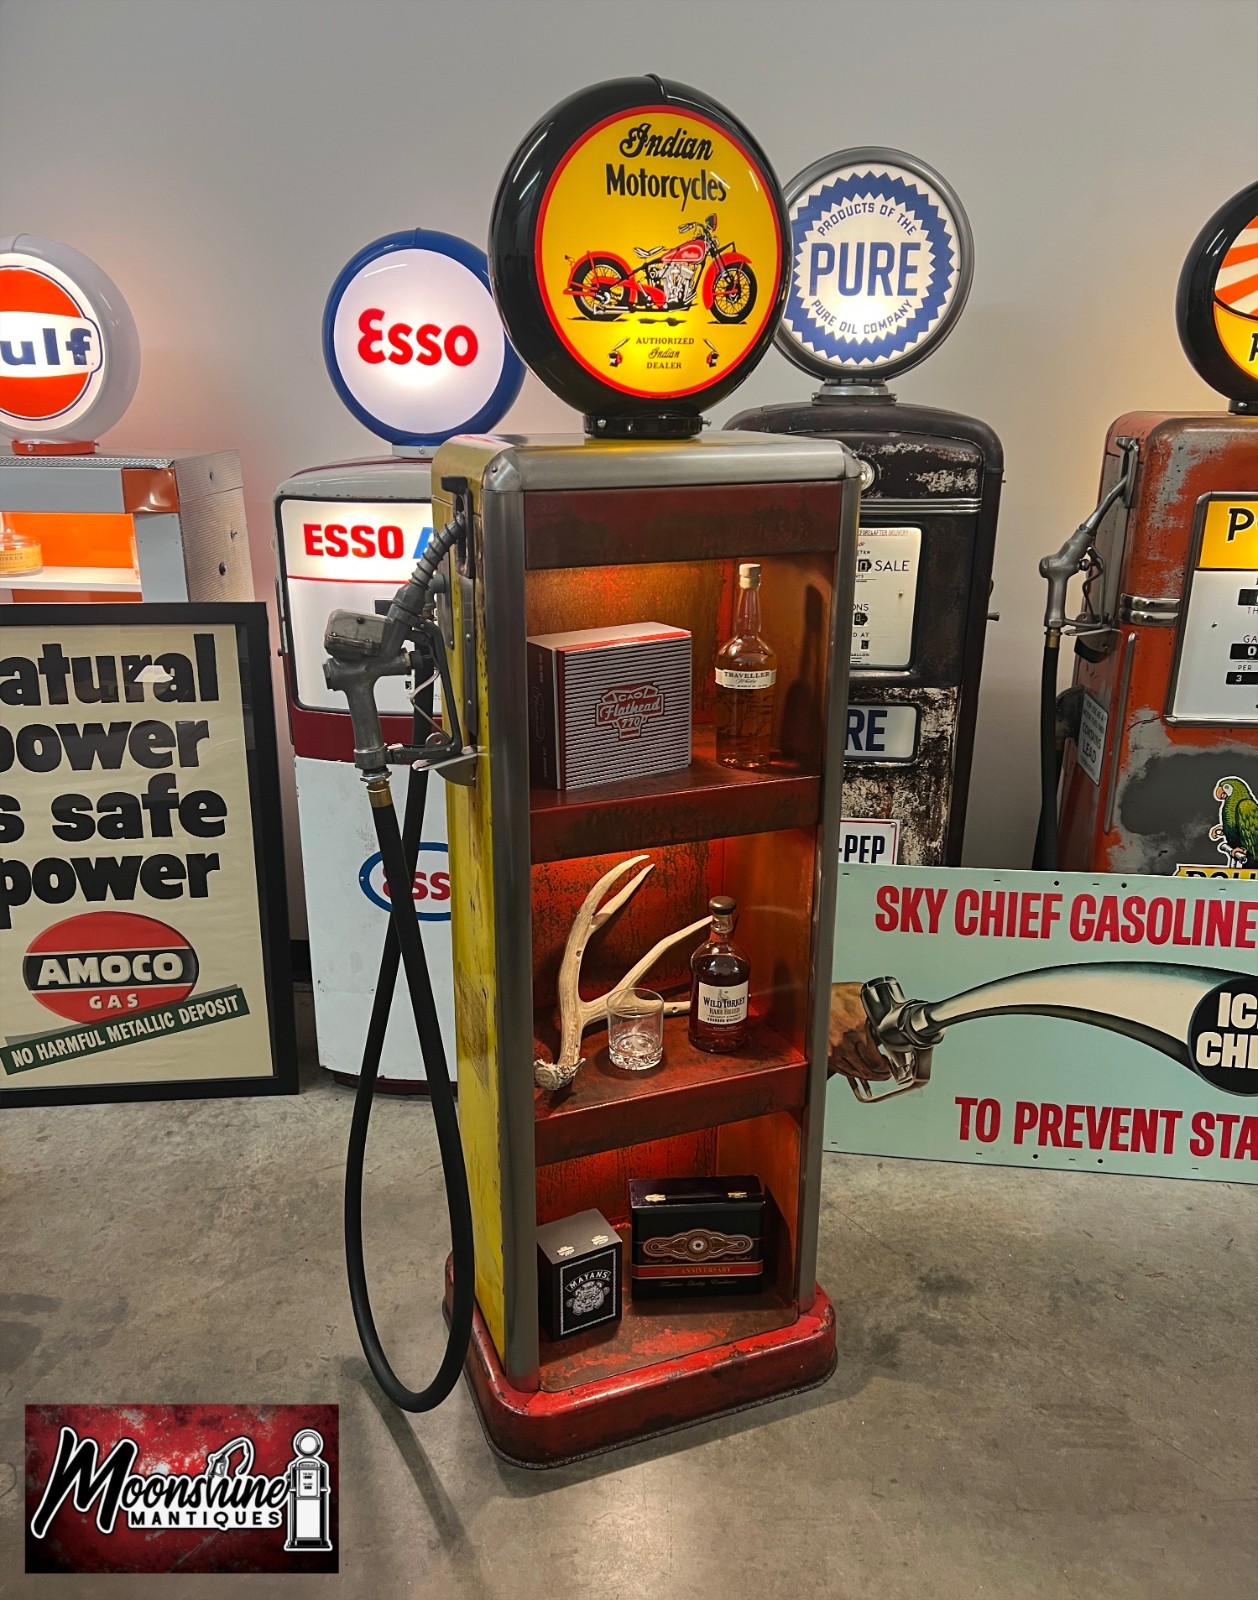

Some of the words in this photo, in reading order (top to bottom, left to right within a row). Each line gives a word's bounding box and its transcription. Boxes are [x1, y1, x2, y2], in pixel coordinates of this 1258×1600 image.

[619, 123, 714, 161] Indian
[605, 163, 727, 212] Motorcycles
[817, 202, 875, 236] PRODUCTS
[879, 204, 896, 217] OF
[897, 213, 917, 235] THE
[808, 242, 922, 297] PURE
[811, 299, 837, 326] PURE
[839, 321, 858, 335] OIL
[863, 299, 913, 335] COMPANY
[635, 337, 695, 345] AUTHORIZED
[648, 347, 680, 359] Indian
[303, 523, 404, 559] ESSO
[874, 559, 910, 571] SALE
[724, 671, 770, 679] TRAVELLER
[1235, 674, 1243, 682] 3
[600, 697, 661, 720] Flathead
[618, 691, 643, 702] CAO
[621, 716, 640, 728] 770
[51, 772, 228, 842] safe
[0, 852, 221, 930] power
[874, 885, 948, 934] SKY
[954, 888, 1063, 939] CHIEF
[1069, 893, 1257, 949] GASOLINE
[37, 952, 184, 986] AMOCO
[89, 993, 139, 1010] GAS
[703, 996, 722, 1008] WILD
[722, 996, 745, 1008] TURKEY
[1218, 992, 1258, 1029] IC
[11, 1047, 34, 1068] NO
[35, 1030, 105, 1061] HARMFUL
[106, 1012, 175, 1043] METALLIC
[178, 994, 239, 1025] DEPOSIT
[954, 1096, 1001, 1143] TO
[1013, 1102, 1183, 1155] PREVENT
[570, 1271, 608, 1289] MAYANS
[680, 1266, 731, 1274] ANNIVERSARY

------------------------------------------------

> [Goal of the exercise]: Would you provide an exact, picture-free copy of the data above?

> [Response area]:
Some of the words in this photo, in reading order (top to bottom, left to right within a row). Each line gives a word's bounding box and its transcription. Boxes are [x1, y1, x2, y2], in pixel coordinates of this 1258×1600 image.

[619, 123, 714, 161] Indian
[605, 163, 727, 212] Motorcycles
[817, 202, 875, 236] PRODUCTS
[879, 204, 896, 217] OF
[897, 213, 917, 235] THE
[808, 242, 922, 297] PURE
[811, 299, 837, 326] PURE
[839, 321, 858, 335] OIL
[863, 299, 913, 335] COMPANY
[635, 337, 695, 345] AUTHORIZED
[648, 347, 680, 359] Indian
[303, 523, 404, 559] ESSO
[874, 559, 910, 571] SALE
[724, 671, 770, 679] TRAVELLER
[1235, 674, 1243, 682] 3
[600, 697, 661, 720] Flathead
[618, 691, 643, 702] CAO
[621, 716, 640, 728] 770
[51, 772, 228, 842] safe
[0, 852, 221, 930] power
[874, 885, 948, 934] SKY
[954, 888, 1063, 939] CHIEF
[1069, 893, 1257, 949] GASOLINE
[37, 952, 184, 986] AMOCO
[89, 993, 139, 1010] GAS
[703, 996, 722, 1008] WILD
[722, 996, 745, 1008] TURKEY
[1218, 992, 1258, 1029] IC
[11, 1047, 34, 1068] NO
[35, 1030, 105, 1061] HARMFUL
[106, 1012, 175, 1043] METALLIC
[178, 994, 239, 1025] DEPOSIT
[954, 1096, 1001, 1143] TO
[1013, 1102, 1183, 1155] PREVENT
[570, 1271, 608, 1289] MAYANS
[680, 1266, 731, 1274] ANNIVERSARY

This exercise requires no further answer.